Data entries -
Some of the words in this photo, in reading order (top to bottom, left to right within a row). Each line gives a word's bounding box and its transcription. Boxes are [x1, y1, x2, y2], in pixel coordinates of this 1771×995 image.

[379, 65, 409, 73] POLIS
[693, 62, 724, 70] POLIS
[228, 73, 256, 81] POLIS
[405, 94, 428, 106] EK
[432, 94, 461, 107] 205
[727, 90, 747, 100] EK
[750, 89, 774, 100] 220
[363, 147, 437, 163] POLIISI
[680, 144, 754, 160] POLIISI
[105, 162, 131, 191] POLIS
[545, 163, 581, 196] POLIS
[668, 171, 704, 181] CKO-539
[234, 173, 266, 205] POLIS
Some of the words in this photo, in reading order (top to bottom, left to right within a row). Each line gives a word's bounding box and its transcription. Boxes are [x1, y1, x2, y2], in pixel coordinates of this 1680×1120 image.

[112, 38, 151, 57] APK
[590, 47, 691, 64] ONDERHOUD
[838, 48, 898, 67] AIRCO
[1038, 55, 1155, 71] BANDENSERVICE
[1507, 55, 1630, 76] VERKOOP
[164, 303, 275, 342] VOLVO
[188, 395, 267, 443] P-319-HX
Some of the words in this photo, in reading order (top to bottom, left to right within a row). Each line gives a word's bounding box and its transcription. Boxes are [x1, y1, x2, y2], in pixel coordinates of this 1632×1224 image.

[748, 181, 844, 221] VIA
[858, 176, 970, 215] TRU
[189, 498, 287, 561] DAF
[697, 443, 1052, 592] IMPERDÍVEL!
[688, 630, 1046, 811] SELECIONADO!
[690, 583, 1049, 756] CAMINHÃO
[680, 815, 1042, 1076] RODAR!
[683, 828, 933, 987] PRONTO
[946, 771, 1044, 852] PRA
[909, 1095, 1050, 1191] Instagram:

What you should do -
Transcribe all the data word for word, as it appears above.

Response to the task -
Some of the words in this photo, in reading order (top to bottom, left to right within a row). Each line gives a word's bounding box and its transcription. Boxes are [x1, y1, x2, y2], in pixel coordinates of this 1771×995 image.

[379, 65, 409, 73] POLIS
[693, 62, 724, 70] POLIS
[228, 73, 256, 81] POLIS
[405, 94, 428, 106] EK
[432, 94, 461, 107] 205
[727, 90, 747, 100] EK
[750, 89, 774, 100] 220
[363, 147, 437, 163] POLIISI
[680, 144, 754, 160] POLIISI
[105, 162, 131, 191] POLIS
[545, 163, 581, 196] POLIS
[668, 171, 704, 181] CKO-539
[234, 173, 266, 205] POLIS
Some of the words in this photo, in reading order (top to bottom, left to right within a row). Each line gives a word's bounding box and its transcription. Boxes are [x1, y1, x2, y2], in pixel coordinates of this 1680×1120 image.

[112, 38, 151, 57] APK
[590, 47, 691, 64] ONDERHOUD
[838, 48, 898, 67] AIRCO
[1038, 55, 1155, 71] BANDENSERVICE
[1507, 55, 1630, 76] VERKOOP
[164, 303, 275, 342] VOLVO
[188, 395, 267, 443] P-319-HX
Some of the words in this photo, in reading order (top to bottom, left to right within a row). Each line gives a word's bounding box and its transcription. Boxes are [x1, y1, x2, y2], in pixel coordinates of this 1632×1224 image.

[748, 181, 844, 221] VIA
[858, 176, 970, 215] TRU
[189, 498, 287, 561] DAF
[697, 443, 1052, 592] IMPERDÍVEL!
[688, 630, 1046, 811] SELECIONADO!
[690, 583, 1049, 756] CAMINHÃO
[680, 815, 1042, 1076] RODAR!
[683, 828, 933, 987] PRONTO
[946, 771, 1044, 852] PRA
[909, 1095, 1050, 1191] Instagram:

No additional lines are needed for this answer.